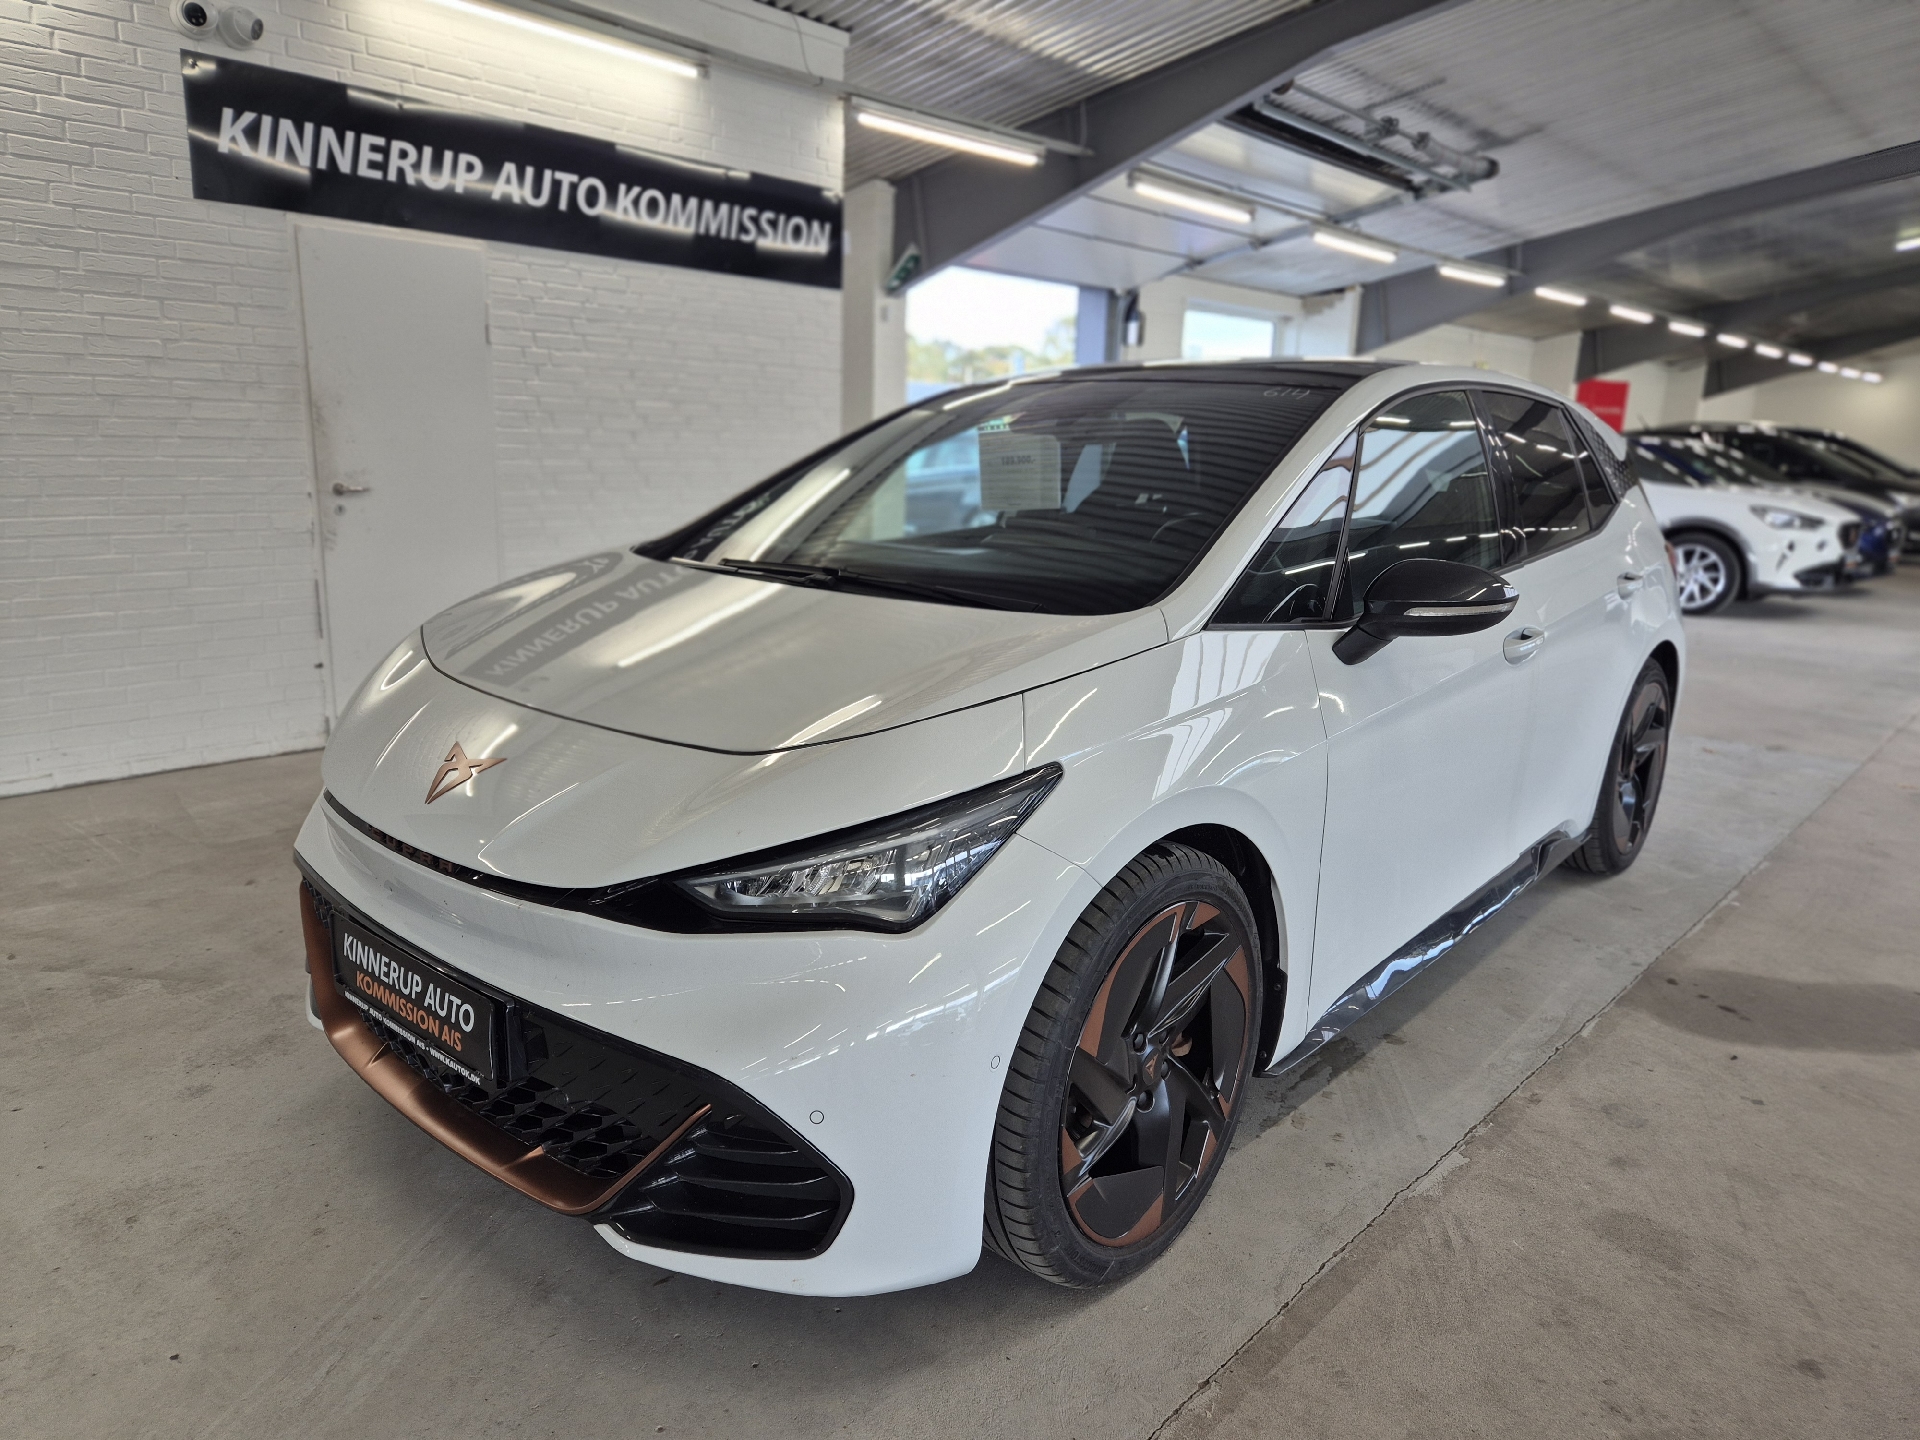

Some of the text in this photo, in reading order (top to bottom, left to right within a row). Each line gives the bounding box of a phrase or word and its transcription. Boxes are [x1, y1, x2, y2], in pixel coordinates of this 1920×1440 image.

[218, 107, 832, 250] KINNERUP AUTO KOMMISSION
[343, 932, 475, 1033] KINNERUP AUTO
[344, 990, 369, 1011] KINNERUP
[369, 1007, 382, 1021] AUTO
[382, 1017, 416, 1045] KOMMISSION
[356, 970, 440, 1038] KOMMISSION

_Problem to work on_. Restate each of the entries above word for word and skip every image.

_Exercise output_.
Some of the text in this photo, in reading order (top to bottom, left to right within a row). Each line gives the bounding box of a phrase or word and its transcription. Boxes are [x1, y1, x2, y2], in pixel coordinates of this 1920×1440 image.

[218, 107, 832, 250] KINNERUP AUTO KOMMISSION
[343, 932, 475, 1033] KINNERUP AUTO
[344, 990, 369, 1011] KINNERUP
[369, 1007, 382, 1021] AUTO
[382, 1017, 416, 1045] KOMMISSION
[356, 970, 440, 1038] KOMMISSION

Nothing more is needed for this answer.